Being on the PSICU service has introduced me into a completely new realm of pharmacy. This was my first pediatrics rotation, my first ICU rotation, and my first surgical rotation. As my three weeks on PSICU nears its end, I've had the opportunity to see and learn a lot. In this post, I will attempt to break down what I've learned and specifically tailor it in terms of pharmacy.
The main role of the physicians, pharmacists, nurses, and respiratory therapists is to manage the patients postoperatively. The pharmacist's job is to ensure the appropriate medication management of these patients. Once the patients are stable, they are transferred to the floors and, if all goes well, they are discharged home.
What I have found is that the medications used on this service all come down to the following classes:
2) Inotropic agents
3) Sedation/pain relief
4) Stress Ulcer prophylaxis
AntibioticsThe antimicrobial regimens used on the service are primarily for surgical prophylaxis. With any surgery, there is an increased chance of infection, and the risk is even higher in pediatric patients. For the most part, they followed the Antimicrobial Prophylaxis for Surgery guidelines from The Medical Letter, Inc. However, after listening to discussions on rounds and speaking with my preceptor, I realized that the antibiotic selection largely depends on how the surgeon felt about the surgery ie how long the surgery took, if there were any complications. From a pharmacy standpoint, my pharmacist was not as involved in the antibiotic selection, but more in the dosage adjustment for the individual patients. As the patients clinically improve after surgery, the antibiotics are peeled off gradually. Some of the considerations the physicians take into account to see if patients are improving are the number of lines and drainages remaining, whether an extracorporeal membrane oxygenation (ECMO) is required, and lab values returning to normal limits. There was not official antibiotic algorithm at NTUH, however, the basic progression of antibiotic selection consisted of the following:
no complications in surgery---------->severe complications
cefazolin-->ampicillin/sulbactam-->piperacillin/tazobactam-->vancomycin + ceftazidime-->ADD fluconazole
Every single patient is started on dopamine and milrinone to start. If another agent is indicated, epinephrine is added on. My assessment of these agents is mentioned in a previous post. As the patient clinically improves, the inotropic agents are gradually tapered off, and eventually, discontinued. In general, the epinephrine is tapered off first, followed by the dopamine.
The two mainstays of sedation and pain relief on the service were fentanyl and pancuronium. The fentanyl is an analgesic and pancuronium is on mainly as a muscle relaxant. Most patients are tapered to midazolam,which has both sedative and analgesic effects.
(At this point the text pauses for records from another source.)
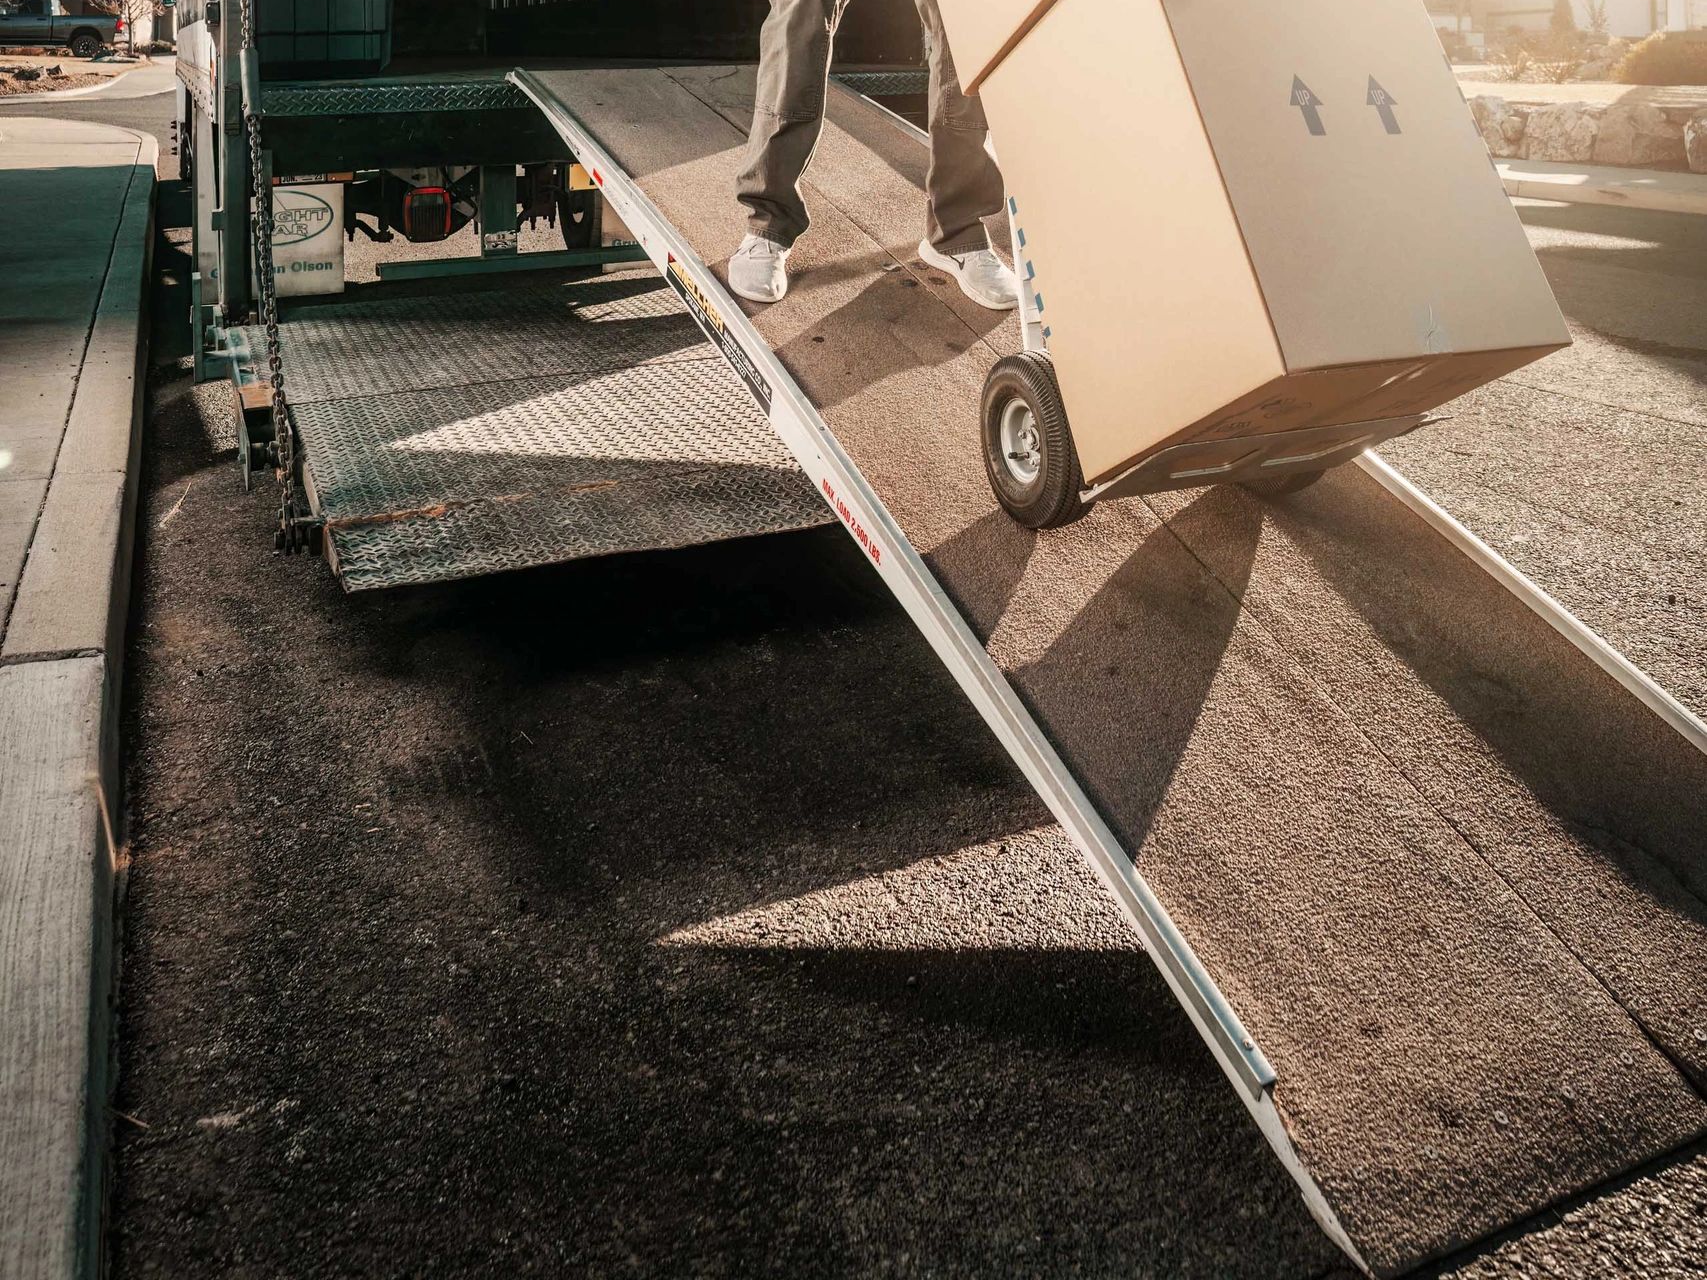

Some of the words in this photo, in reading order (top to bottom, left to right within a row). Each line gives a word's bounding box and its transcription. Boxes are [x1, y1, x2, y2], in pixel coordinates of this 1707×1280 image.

[1295, 89, 1310, 106] UP
[1371, 89, 1385, 105] UP
[273, 208, 329, 222] GHT
[290, 261, 334, 273] Olson
[822, 478, 836, 504] MAX.
[836, 496, 851, 524] LOAD
[868, 539, 882, 567] LBS.
Surgery is putting stress on the body. With high stress, patients are at risk of stress ulcers. Famotidine is the medication used for prophylaxis. If, however, the patient experiences bloody stools, they transition them to a proton pump inhibitor.
Other medications that are commonly seen are antiplatelets such as heparin and aspirin, to prevent shunts from clotting. Coumadin is common for older patients, especially those with shunts and mechanical valves.
Everyday on rounds, I learned something new. I feel that six weeks (ore more) could easily have been devoted to a rotation like this.